The FA Youth Cup sponsored by E.On 2007/08 Semi Final 2nd Leg

Manchester City v Sunderland

Tuesday March 11, 2008, 7.00pm
The City of Manchester Stadium - Att: 3,228

Manchester City: Hartley, Trippier, McGivern, Boyata, Mee (c), Kay, Weiss, Tutte, Ball, Sturridge, McDermott.

unused subs: Nimely-Tchuimeni, Johansen, Ramsey, Tsiaklis, Mak.

Sunderland: Staples, Kay (R Noble 71), Liddle, L Noble, Cornforth, McArdle, Henderson, Colback (c), Hourihane, Waghorn, Luscombe (Hunter 80).

unused subs: Brown, Cook, Galer, Scott.

Goals: 0-1 (Henderson 15)

Bookings

City:

Sunderland: R Noble (82), Henderson (87), Colback (87), Hunter (87)

Referee: D Deadman

Summary

City are into the FA Youth Cup final - but only after a real scare. Sunderland took an early lead and looked the more confident side at times during the second leg, with City squandering several chances as well as looking nervous. But the Blues hung on with some resolute defending and they are now set to face either Chelsea or Aston Villa.

Pre match

City named an unchanged side from the one that started last Thursday’s first leg.

The match

A rain squall just before 6.00pm had left patches of water on the pitch, but by kick off the weather had calmed down and we had a perfect night for football.
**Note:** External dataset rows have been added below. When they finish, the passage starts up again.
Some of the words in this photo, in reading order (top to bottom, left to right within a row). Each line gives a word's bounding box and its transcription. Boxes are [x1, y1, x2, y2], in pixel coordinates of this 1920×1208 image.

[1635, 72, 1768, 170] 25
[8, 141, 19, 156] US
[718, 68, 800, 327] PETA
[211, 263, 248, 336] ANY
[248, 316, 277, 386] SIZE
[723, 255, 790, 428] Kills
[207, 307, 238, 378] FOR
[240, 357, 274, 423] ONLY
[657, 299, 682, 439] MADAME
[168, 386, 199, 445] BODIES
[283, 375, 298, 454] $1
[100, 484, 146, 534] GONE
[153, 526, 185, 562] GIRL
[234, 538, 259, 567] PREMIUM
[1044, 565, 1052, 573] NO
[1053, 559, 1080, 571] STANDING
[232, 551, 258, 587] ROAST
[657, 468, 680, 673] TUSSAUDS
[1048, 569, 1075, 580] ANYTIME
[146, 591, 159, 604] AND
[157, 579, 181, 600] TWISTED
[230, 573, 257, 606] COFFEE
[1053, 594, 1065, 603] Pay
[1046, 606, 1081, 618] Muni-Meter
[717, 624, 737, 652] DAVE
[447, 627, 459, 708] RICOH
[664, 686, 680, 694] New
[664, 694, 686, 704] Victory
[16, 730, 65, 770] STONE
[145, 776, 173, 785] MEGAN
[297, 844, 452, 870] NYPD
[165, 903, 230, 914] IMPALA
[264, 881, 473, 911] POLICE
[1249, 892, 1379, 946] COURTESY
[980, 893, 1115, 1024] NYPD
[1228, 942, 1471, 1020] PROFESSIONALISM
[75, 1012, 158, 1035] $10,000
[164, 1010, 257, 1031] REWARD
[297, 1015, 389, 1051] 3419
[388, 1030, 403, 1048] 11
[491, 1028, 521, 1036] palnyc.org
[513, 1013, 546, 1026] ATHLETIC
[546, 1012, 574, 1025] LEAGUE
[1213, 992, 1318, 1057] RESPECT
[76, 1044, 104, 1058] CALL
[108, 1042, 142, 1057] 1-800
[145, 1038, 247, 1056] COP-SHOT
City looked comfortable from the off, having by far the most of the early play until they had the first good chance of the night on 13 minutes. McDermott’s free kick from the left of the box missed everyone before reaching Boyata, who possibly surprised to get the chance could not direct it past Staples.

But the sizeable home support was shocked when the visitors took the lead after a quarter of an hour. Jordan Henderson took aim from long range and his shot flew past Hartley’s left hand and into the top corner of the net. Most definitely game on!
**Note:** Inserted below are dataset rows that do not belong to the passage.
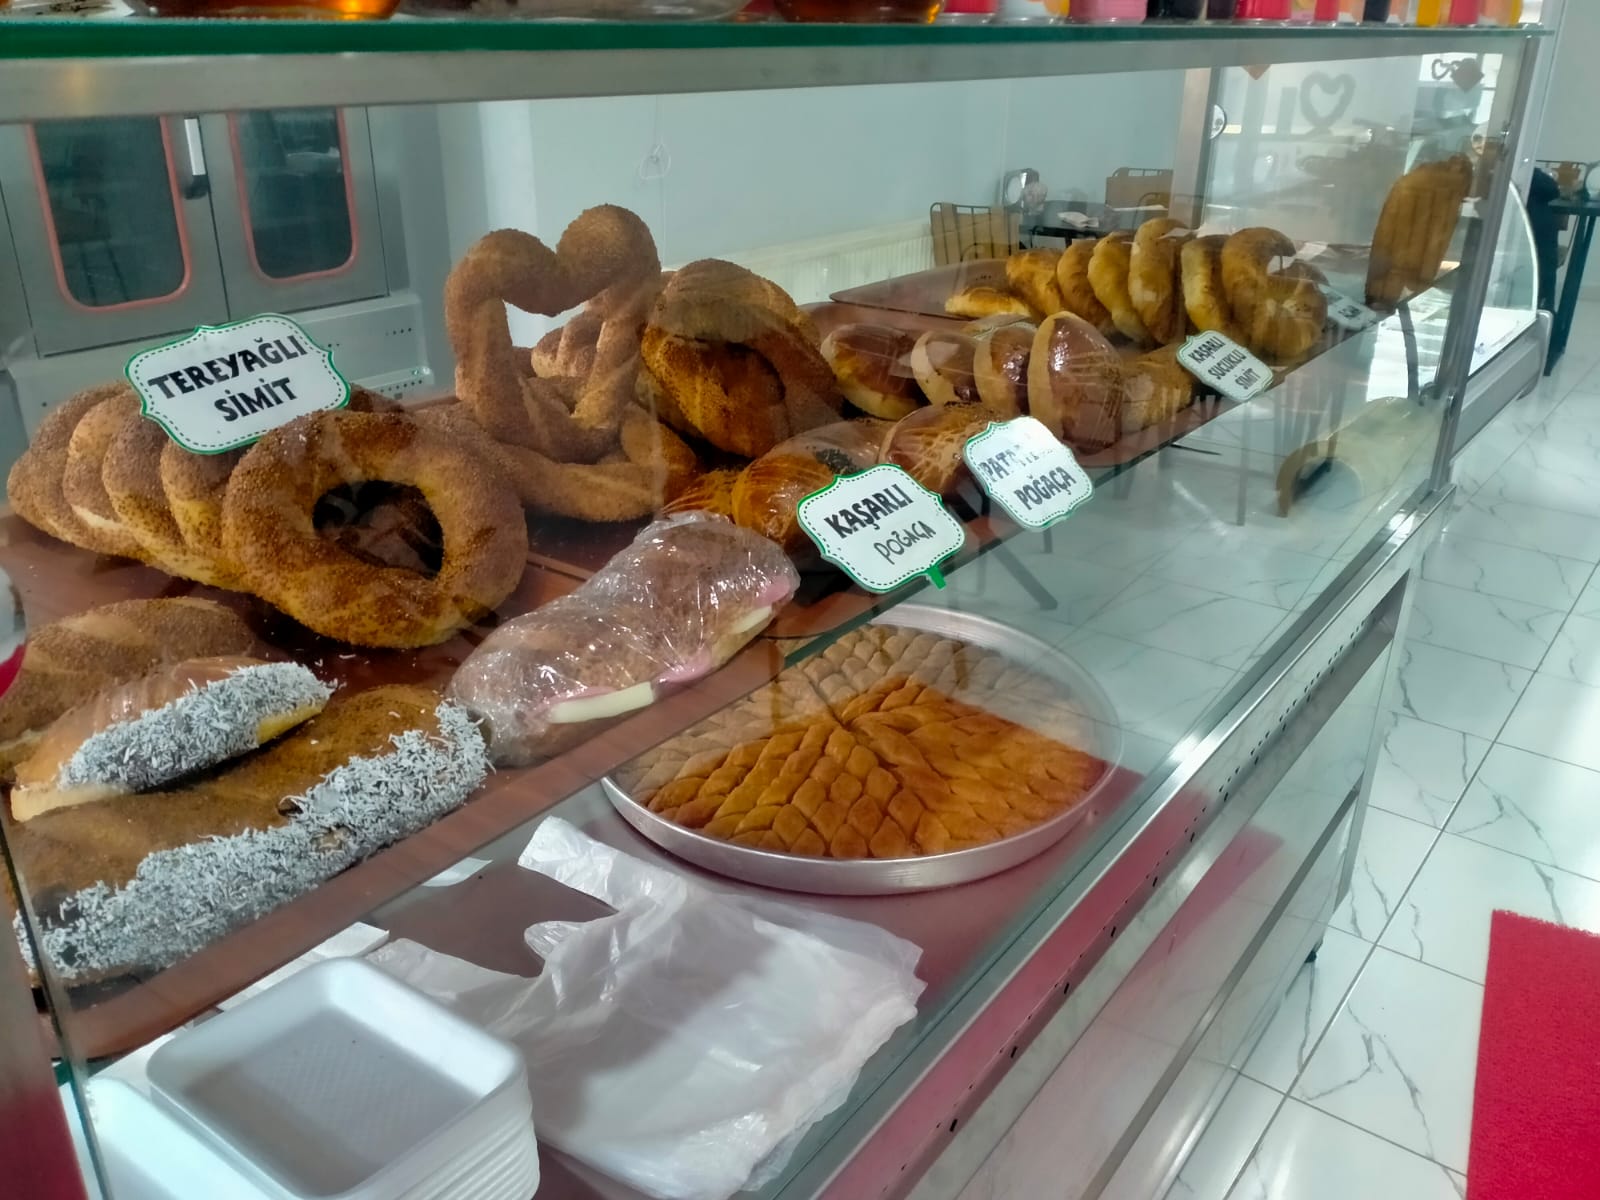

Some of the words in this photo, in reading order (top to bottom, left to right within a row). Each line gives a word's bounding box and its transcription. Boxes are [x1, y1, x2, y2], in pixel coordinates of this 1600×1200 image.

[147, 334, 309, 400] TEREYAĞLI
[1188, 336, 1226, 364] KAŞARLI
[1207, 349, 1247, 380] SUCUKLU
[213, 376, 298, 422] SİMİT
[823, 483, 914, 539] KAŞARLI
[1013, 466, 1077, 511] POĞAÇA
With the goal rousing the fans, Weiss went on a jinking run just a minute later, and he was unlucky to see his low cross just elude the lurking Danny Sturridge in the six yard box.

Hartley kept the score at 0-1 on 25 minutes, making a fine stop with his feet from Jack Colback after the Sunderland striker had beaten the offside trap. The Blues put the pressure at the other end with a trio of corners, with the third just skimming Danny Sturridge’s head in a crowded area.
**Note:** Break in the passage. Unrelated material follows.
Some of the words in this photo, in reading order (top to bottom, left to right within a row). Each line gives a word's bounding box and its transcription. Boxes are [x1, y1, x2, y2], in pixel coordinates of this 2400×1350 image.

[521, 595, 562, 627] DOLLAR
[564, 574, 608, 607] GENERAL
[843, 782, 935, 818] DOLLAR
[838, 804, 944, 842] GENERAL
The highly-rated striker missed a great opportunity on 32 minutes after bursting into the area from the right hand flank. Shaping to get the ball onto his favoured left foot, he shot across the face of goal, but David Ball was free inside the area and he would have had a simple chance to score.

The pair combined well on 39 minutes, with Ball’s long crossfield pass finding Sturridge in space on the right of the area. With no blue shirts in the area, he could not be blamed for electing to shoot once again and his stabbed effort was just wide of the near post.

McDermott chipped over a tempting cross on 50 minutes that Sunderland keeper Staples took at the second attempt under pressure from David Ball. The City number nine was thwarted by Staples 60 seconds later, the keeper having raced out to the edge of the area to block after Ball had been put clean through.

City looked tentative, and on the hour goalscorer Henderson went close to levelling the tie, his left-footed volley just shaping away from the far post with Hartley beaten.

The home fans were getting tense, and two shots from Sturridge that were well wide of the target did not improve their mood.

We finally had a moment to remember with eight minutes left, when Danny Sturridge forced a good save from Staples after he had broken into the left of the area. The keeper’s parry fell to Kay, whose shot brought an even better save, this time a flying effort that deflected the ball over the bar.

As time began to run out for the visitors the game began to boil over, as Sunderland resorted to the physical approach from the first leg. They thought they were back on terms with just two minutes left when Colback fired home from the edge of the box, but the flag was up for offside to huge relief from City’s supporters, with three Sunderland players going in to the book for their protests.

After three minutes of stoppage time City were into the final, but Sunderland could count themselves unlucky on their display in the second leg.